Skip any image you find and restate the rest of the data word for word.

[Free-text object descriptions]
--*--

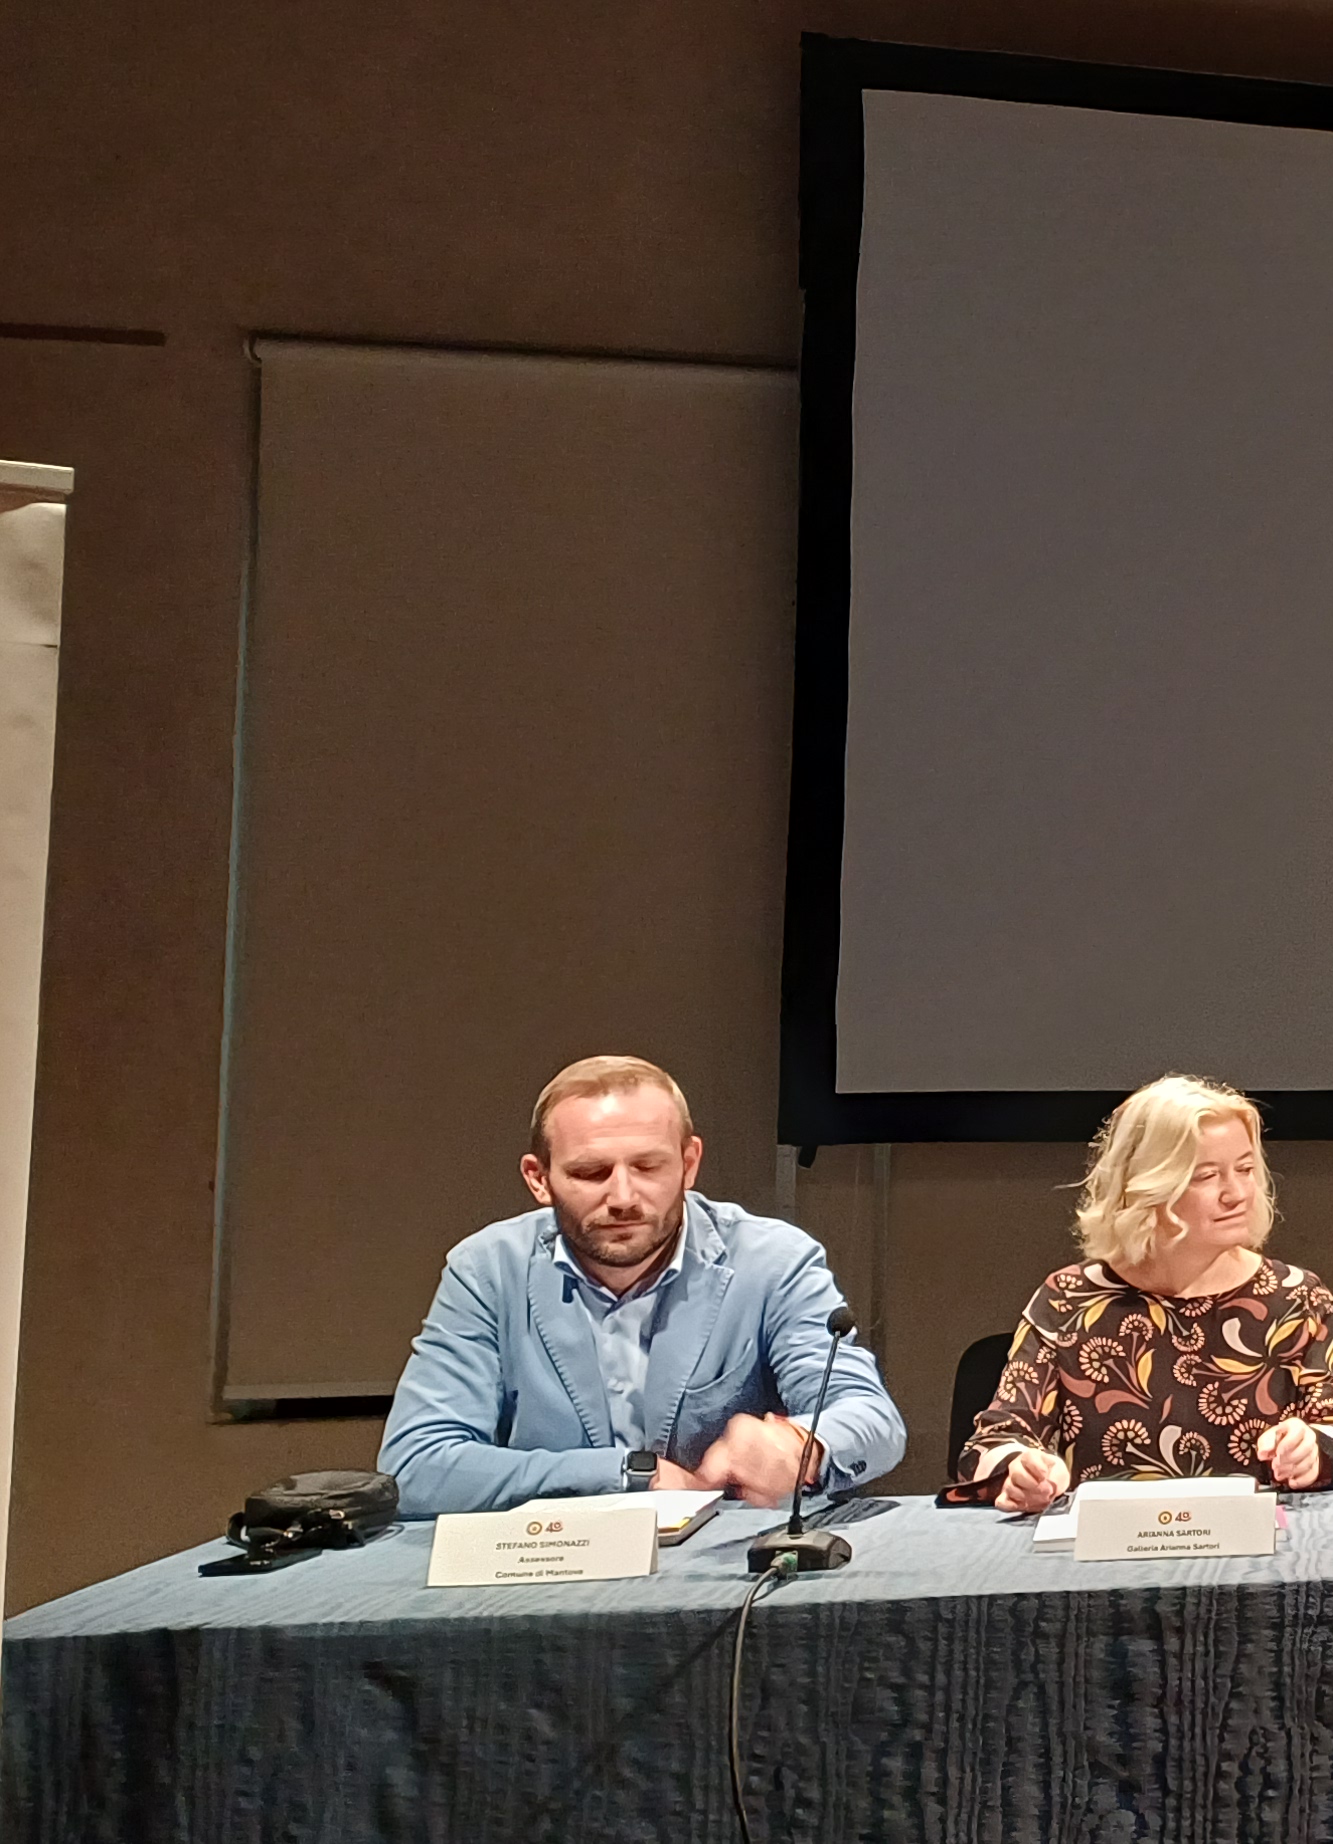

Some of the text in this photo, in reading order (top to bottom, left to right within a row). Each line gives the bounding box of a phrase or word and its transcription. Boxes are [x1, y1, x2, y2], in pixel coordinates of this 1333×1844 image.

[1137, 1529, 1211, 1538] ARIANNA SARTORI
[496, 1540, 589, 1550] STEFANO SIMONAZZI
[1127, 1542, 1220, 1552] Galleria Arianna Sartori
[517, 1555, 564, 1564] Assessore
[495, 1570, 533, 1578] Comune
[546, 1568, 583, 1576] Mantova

--*--

# EXPECTED ANSWER
Some of the text in this photo, in reading order (top to bottom, left to right within a row). Each line gives the bounding box of a phrase or word and its transcription. Boxes are [x1, y1, x2, y2], in pixel coordinates of this 1333×1844 image.

[1137, 1529, 1211, 1538] ARIANNA SARTORI
[496, 1540, 589, 1550] STEFANO SIMONAZZI
[1127, 1542, 1220, 1552] Galleria Arianna Sartori
[517, 1555, 564, 1564] Assessore
[495, 1570, 533, 1578] Comune
[546, 1568, 583, 1576] Mantova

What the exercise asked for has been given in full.